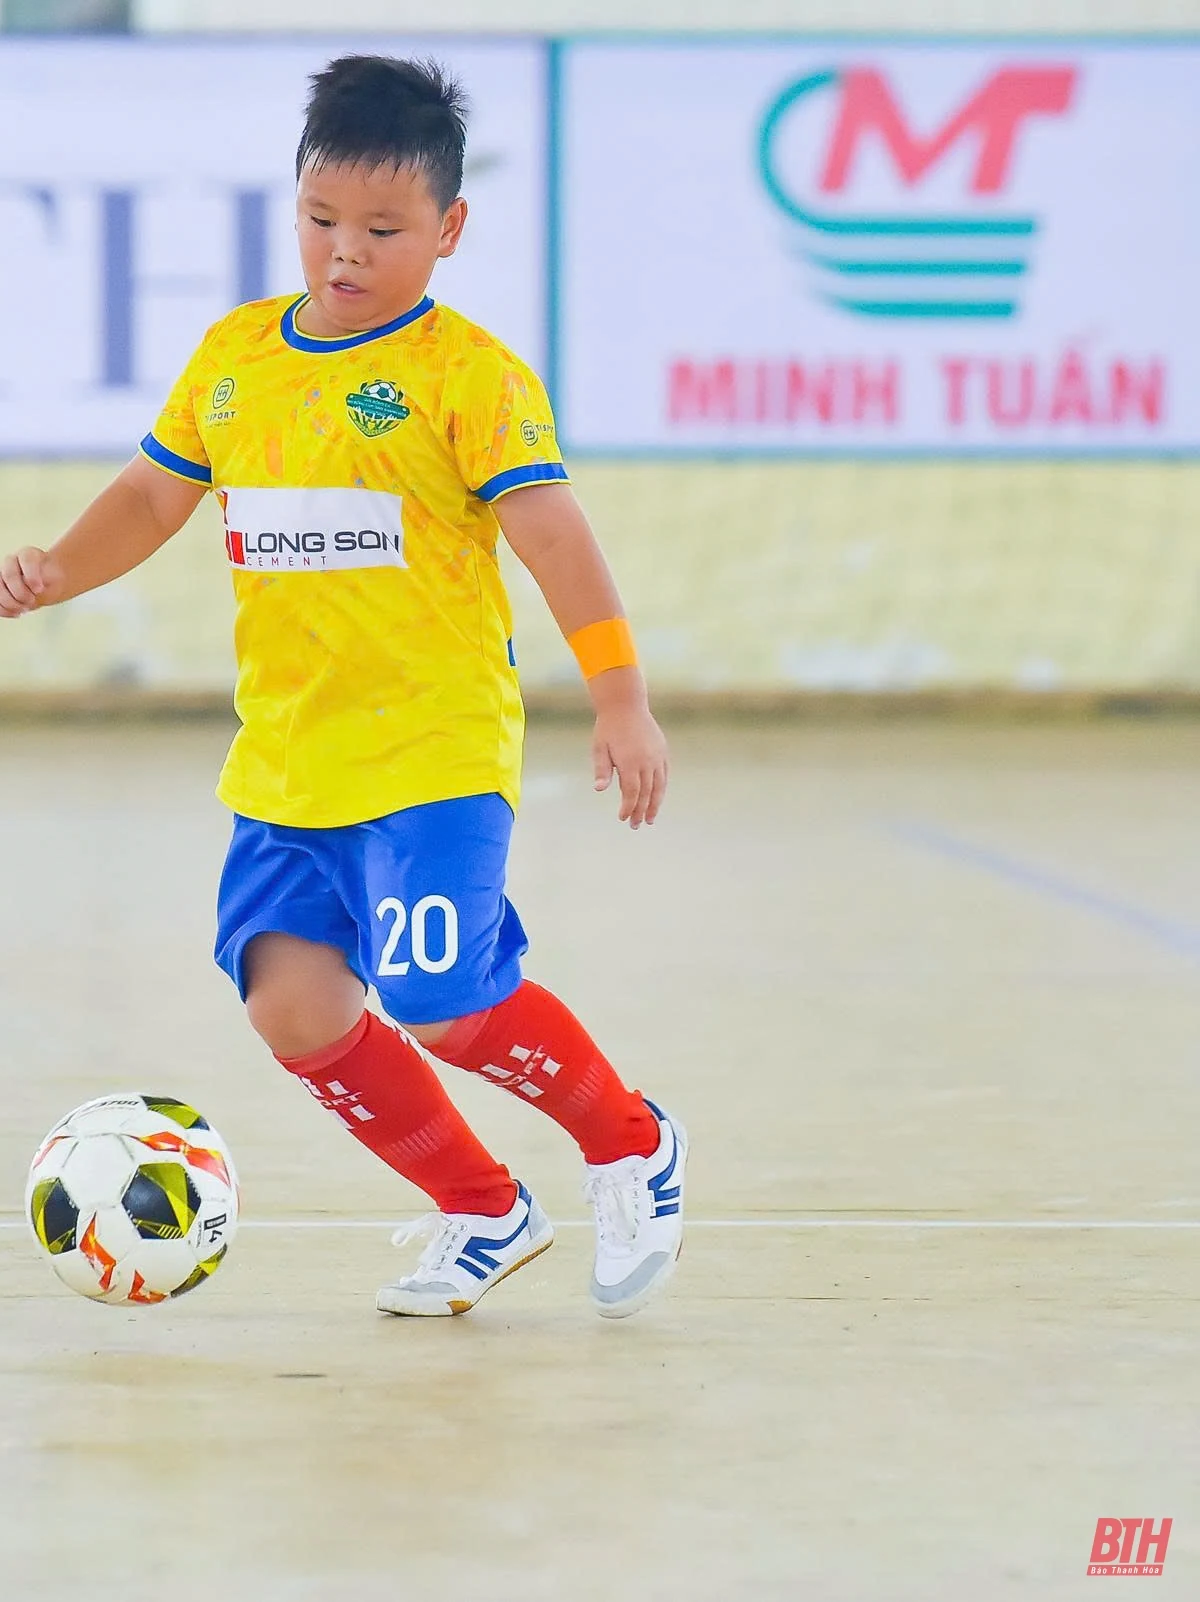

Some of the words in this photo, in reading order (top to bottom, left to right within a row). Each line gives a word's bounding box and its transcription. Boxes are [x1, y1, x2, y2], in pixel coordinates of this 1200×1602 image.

[668, 356, 898, 427] MINH
[245, 532, 326, 553] LONG
[246, 555, 328, 567] CEMENT
[375, 894, 459, 977] 20
********
I need the entries printed exactly, with each picture left out.

Some of the words in this photo, in reading order (top to bottom, left to right within a row). Each line gives a word's bounding box and its transcription. Boxes are [x1, y1, x2, y2], in pixel coordinates of this 1200×1602 image.

[668, 356, 898, 427] MINH
[245, 532, 326, 553] LONG
[246, 555, 328, 567] CEMENT
[375, 894, 459, 977] 20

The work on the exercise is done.